Free-text object descriptions
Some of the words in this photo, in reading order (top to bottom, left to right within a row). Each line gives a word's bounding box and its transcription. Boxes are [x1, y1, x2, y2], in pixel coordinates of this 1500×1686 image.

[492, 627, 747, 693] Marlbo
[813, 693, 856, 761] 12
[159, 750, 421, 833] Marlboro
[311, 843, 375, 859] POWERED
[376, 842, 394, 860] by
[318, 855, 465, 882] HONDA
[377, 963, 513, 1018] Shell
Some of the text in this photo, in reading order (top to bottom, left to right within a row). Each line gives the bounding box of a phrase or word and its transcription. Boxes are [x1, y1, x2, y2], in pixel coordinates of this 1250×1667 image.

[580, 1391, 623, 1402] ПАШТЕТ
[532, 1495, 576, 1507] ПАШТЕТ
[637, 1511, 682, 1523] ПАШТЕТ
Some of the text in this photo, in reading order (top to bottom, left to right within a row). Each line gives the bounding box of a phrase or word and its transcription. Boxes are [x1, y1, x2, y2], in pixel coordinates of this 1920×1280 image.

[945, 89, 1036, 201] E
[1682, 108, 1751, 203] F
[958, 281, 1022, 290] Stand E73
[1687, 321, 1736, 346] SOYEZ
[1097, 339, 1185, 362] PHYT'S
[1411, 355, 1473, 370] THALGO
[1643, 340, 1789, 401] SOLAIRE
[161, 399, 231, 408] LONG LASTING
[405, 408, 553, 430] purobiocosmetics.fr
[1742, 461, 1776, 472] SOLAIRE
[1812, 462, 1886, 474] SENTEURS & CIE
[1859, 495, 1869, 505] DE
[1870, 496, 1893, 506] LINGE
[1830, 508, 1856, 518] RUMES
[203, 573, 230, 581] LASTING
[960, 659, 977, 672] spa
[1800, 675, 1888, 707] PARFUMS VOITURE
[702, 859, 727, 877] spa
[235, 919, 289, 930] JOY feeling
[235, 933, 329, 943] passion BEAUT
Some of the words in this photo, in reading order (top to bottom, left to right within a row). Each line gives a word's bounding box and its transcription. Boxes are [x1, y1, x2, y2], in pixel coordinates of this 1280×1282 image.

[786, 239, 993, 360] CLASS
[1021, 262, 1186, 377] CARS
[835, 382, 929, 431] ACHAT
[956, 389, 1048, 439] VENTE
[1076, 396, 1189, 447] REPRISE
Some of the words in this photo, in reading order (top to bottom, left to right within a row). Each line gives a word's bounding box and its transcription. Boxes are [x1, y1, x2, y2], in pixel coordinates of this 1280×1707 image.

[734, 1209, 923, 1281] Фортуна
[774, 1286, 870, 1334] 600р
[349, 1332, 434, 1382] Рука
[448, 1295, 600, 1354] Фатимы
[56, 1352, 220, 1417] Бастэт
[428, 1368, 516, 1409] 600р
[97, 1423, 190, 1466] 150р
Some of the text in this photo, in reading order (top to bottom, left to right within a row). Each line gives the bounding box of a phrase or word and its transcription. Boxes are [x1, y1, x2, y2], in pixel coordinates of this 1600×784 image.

▶ [Problem to solve]:
Retype the entries above. Match them exactly.

▶ [Answer to this task]:
Some of the words in this photo, in reading order (top to bottom, left to right within a row). Each line gives a word's bounding box and its transcription. Boxes are [x1, y1, x2, y2], in pixel coordinates of this 1500×1686 image.

[492, 627, 747, 693] Marlbo
[813, 693, 856, 761] 12
[159, 750, 421, 833] Marlboro
[311, 843, 375, 859] POWERED
[376, 842, 394, 860] by
[318, 855, 465, 882] HONDA
[377, 963, 513, 1018] Shell
Some of the text in this photo, in reading order (top to bottom, left to right within a row). Each line gives the bounding box of a phrase or word and its transcription. Boxes are [x1, y1, x2, y2], in pixel coordinates of this 1250×1667 image.

[580, 1391, 623, 1402] ПАШТЕТ
[532, 1495, 576, 1507] ПАШТЕТ
[637, 1511, 682, 1523] ПАШТЕТ
Some of the text in this photo, in reading order (top to bottom, left to right within a row). Each line gives the bounding box of a phrase or word and its transcription. Boxes are [x1, y1, x2, y2], in pixel coordinates of this 1920×1280 image.

[945, 89, 1036, 201] E
[1682, 108, 1751, 203] F
[958, 281, 1022, 290] Stand E73
[1687, 321, 1736, 346] SOYEZ
[1097, 339, 1185, 362] PHYT'S
[1411, 355, 1473, 370] THALGO
[1643, 340, 1789, 401] SOLAIRE
[161, 399, 231, 408] LONG LASTING
[405, 408, 553, 430] purobiocosmetics.fr
[1742, 461, 1776, 472] SOLAIRE
[1812, 462, 1886, 474] SENTEURS & CIE
[1859, 495, 1869, 505] DE
[1870, 496, 1893, 506] LINGE
[1830, 508, 1856, 518] RUMES
[203, 573, 230, 581] LASTING
[960, 659, 977, 672] spa
[1800, 675, 1888, 707] PARFUMS VOITURE
[702, 859, 727, 877] spa
[235, 919, 289, 930] JOY feeling
[235, 933, 329, 943] passion BEAUT
Some of the words in this photo, in reading order (top to bottom, left to right within a row). Each line gives a word's bounding box and its transcription. Boxes are [x1, y1, x2, y2], in pixel coordinates of this 1280×1282 image.

[786, 239, 993, 360] CLASS
[1021, 262, 1186, 377] CARS
[835, 382, 929, 431] ACHAT
[956, 389, 1048, 439] VENTE
[1076, 396, 1189, 447] REPRISE
Some of the words in this photo, in reading order (top to bottom, left to right within a row). Each line gives a word's bounding box and its transcription. Boxes are [x1, y1, x2, y2], in pixel coordinates of this 1280×1707 image.

[734, 1209, 923, 1281] Фортуна
[774, 1286, 870, 1334] 600р
[349, 1332, 434, 1382] Рука
[448, 1295, 600, 1354] Фатимы
[56, 1352, 220, 1417] Бастэт
[428, 1368, 516, 1409] 600р
[97, 1423, 190, 1466] 150р
Some of the text in this photo, in reading order (top to bottom, left to right within a row). Each line gives the bounding box of a phrase or word and its transcription. Boxes are [x1, y1, x2, y2], in pixel coordinates of this 1600×784 image.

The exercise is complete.